EXERCISE GOAL
A faithful, complete copy of the entries below is required, with images removed.

━━━━━━

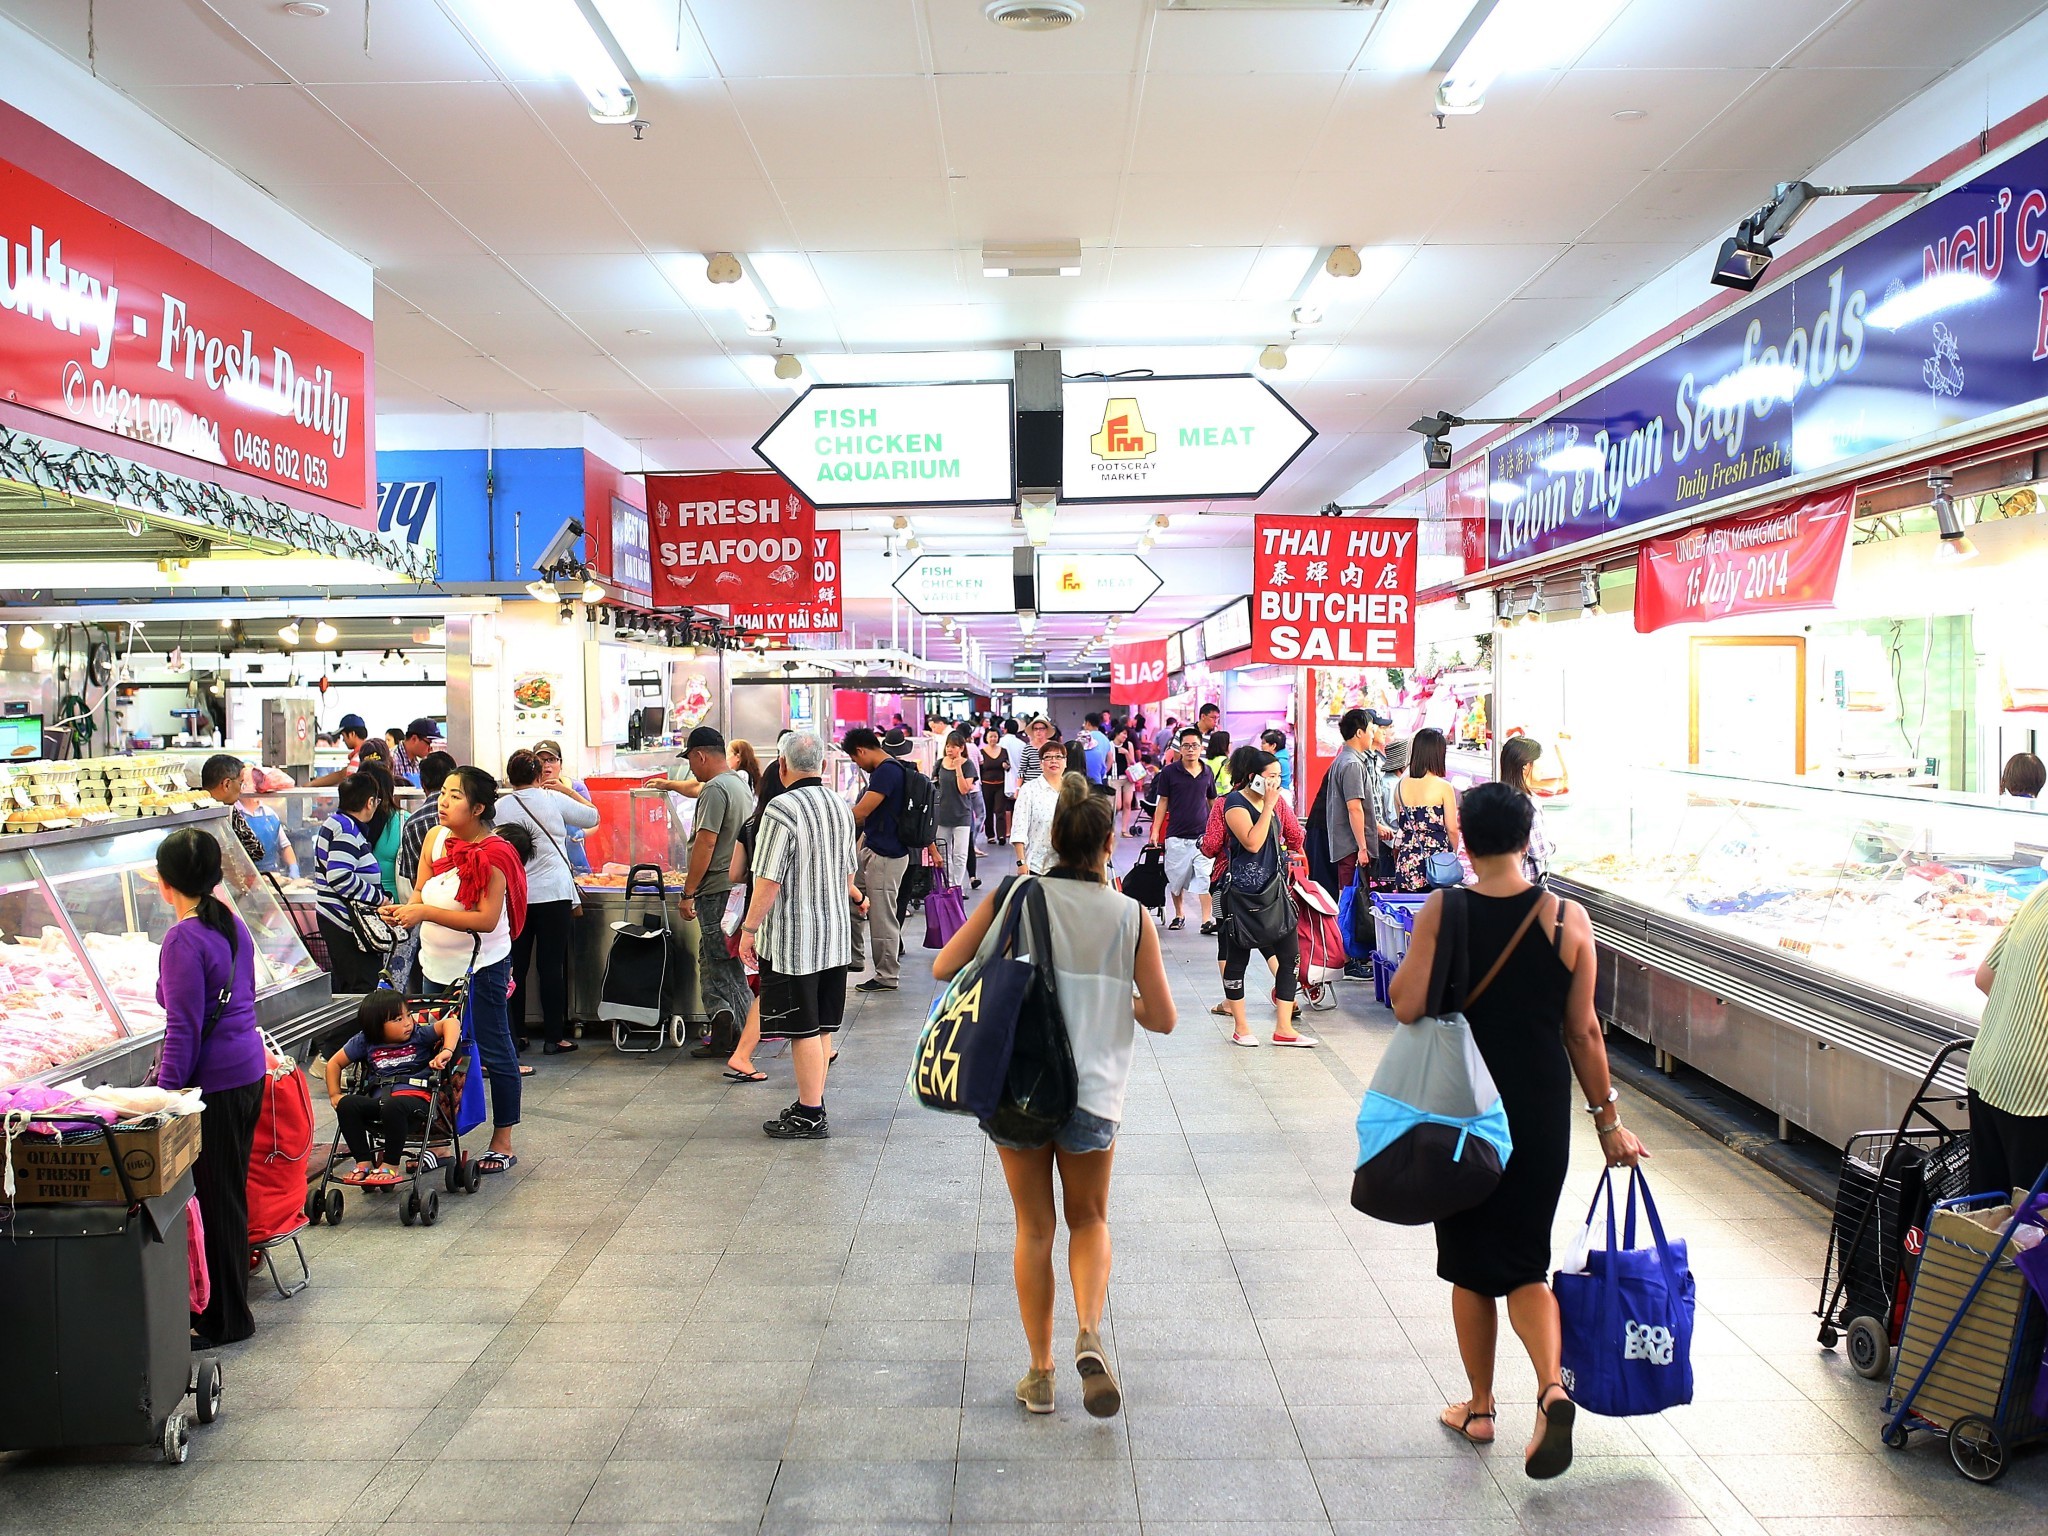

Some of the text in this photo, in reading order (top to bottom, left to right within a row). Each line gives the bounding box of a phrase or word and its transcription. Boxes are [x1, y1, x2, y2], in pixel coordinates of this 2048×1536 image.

[2016, 189, 2048, 267] C
[157, 292, 261, 396] Fresh
[273, 346, 349, 459] Daily
[814, 408, 877, 428] FISH
[1497, 265, 1867, 559] Kelvin & Ryan Seafoods
[92, 379, 142, 431] 0421
[234, 428, 271, 472] 0466
[275, 443, 300, 481] 602
[303, 453, 329, 489] 053
[815, 433, 942, 455] CHICKEN
[1179, 426, 1255, 447] MEAT
[816, 459, 960, 482] AQUARIUM
[1091, 462, 1157, 472] FOOTSCRAY
[1101, 472, 1147, 481] MARKET
[1676, 466, 1708, 502] Daily
[1710, 454, 1748, 490] Fresh
[1751, 441, 1780, 482] Fish
[1783, 446, 1793, 466] &
[678, 499, 780, 527] FRESH
[1262, 528, 1332, 556] THAI
[1346, 530, 1413, 558] HUY
[1706, 527, 1730, 555] NEW
[1731, 512, 1801, 551] MANAGMENT
[660, 537, 802, 567] SEAFOOD
[921, 567, 952, 576] FISH
[1096, 578, 1134, 588] MEAT
[1686, 549, 1790, 613] 15 July 2014
[921, 579, 984, 589] CHICKEN
[921, 592, 980, 601] VARIETY
[1260, 591, 1409, 624] BUTCHER
[733, 613, 764, 630] KHAI
[766, 613, 785, 629] KY
[812, 607, 839, 628] SẢN
[1269, 626, 1397, 662] SALE
[27, 1151, 100, 1166] QUALITY
[36, 1168, 91, 1182] FRESH
[39, 1184, 90, 1198] FRUIT
[1624, 1335, 1674, 1366] BAG

━━━━━━

SOLUTION FOR THIS PROBLEM
Some of the text in this photo, in reading order (top to bottom, left to right within a row). Each line gives the bounding box of a phrase or word and its transcription. Boxes are [x1, y1, x2, y2], in pixel coordinates of this 2048×1536 image.

[2016, 189, 2048, 267] C
[157, 292, 261, 396] Fresh
[273, 346, 349, 459] Daily
[814, 408, 877, 428] FISH
[1497, 265, 1867, 559] Kelvin & Ryan Seafoods
[92, 379, 142, 431] 0421
[234, 428, 271, 472] 0466
[275, 443, 300, 481] 602
[303, 453, 329, 489] 053
[815, 433, 942, 455] CHICKEN
[1179, 426, 1255, 447] MEAT
[816, 459, 960, 482] AQUARIUM
[1091, 462, 1157, 472] FOOTSCRAY
[1101, 472, 1147, 481] MARKET
[1676, 466, 1708, 502] Daily
[1710, 454, 1748, 490] Fresh
[1751, 441, 1780, 482] Fish
[1783, 446, 1793, 466] &
[678, 499, 780, 527] FRESH
[1262, 528, 1332, 556] THAI
[1346, 530, 1413, 558] HUY
[1706, 527, 1730, 555] NEW
[1731, 512, 1801, 551] MANAGMENT
[660, 537, 802, 567] SEAFOOD
[921, 567, 952, 576] FISH
[1096, 578, 1134, 588] MEAT
[1686, 549, 1790, 613] 15 July 2014
[921, 579, 984, 589] CHICKEN
[921, 592, 980, 601] VARIETY
[1260, 591, 1409, 624] BUTCHER
[733, 613, 764, 630] KHAI
[766, 613, 785, 629] KY
[812, 607, 839, 628] SẢN
[1269, 626, 1397, 662] SALE
[27, 1151, 100, 1166] QUALITY
[36, 1168, 91, 1182] FRESH
[39, 1184, 90, 1198] FRUIT
[1624, 1335, 1674, 1366] BAG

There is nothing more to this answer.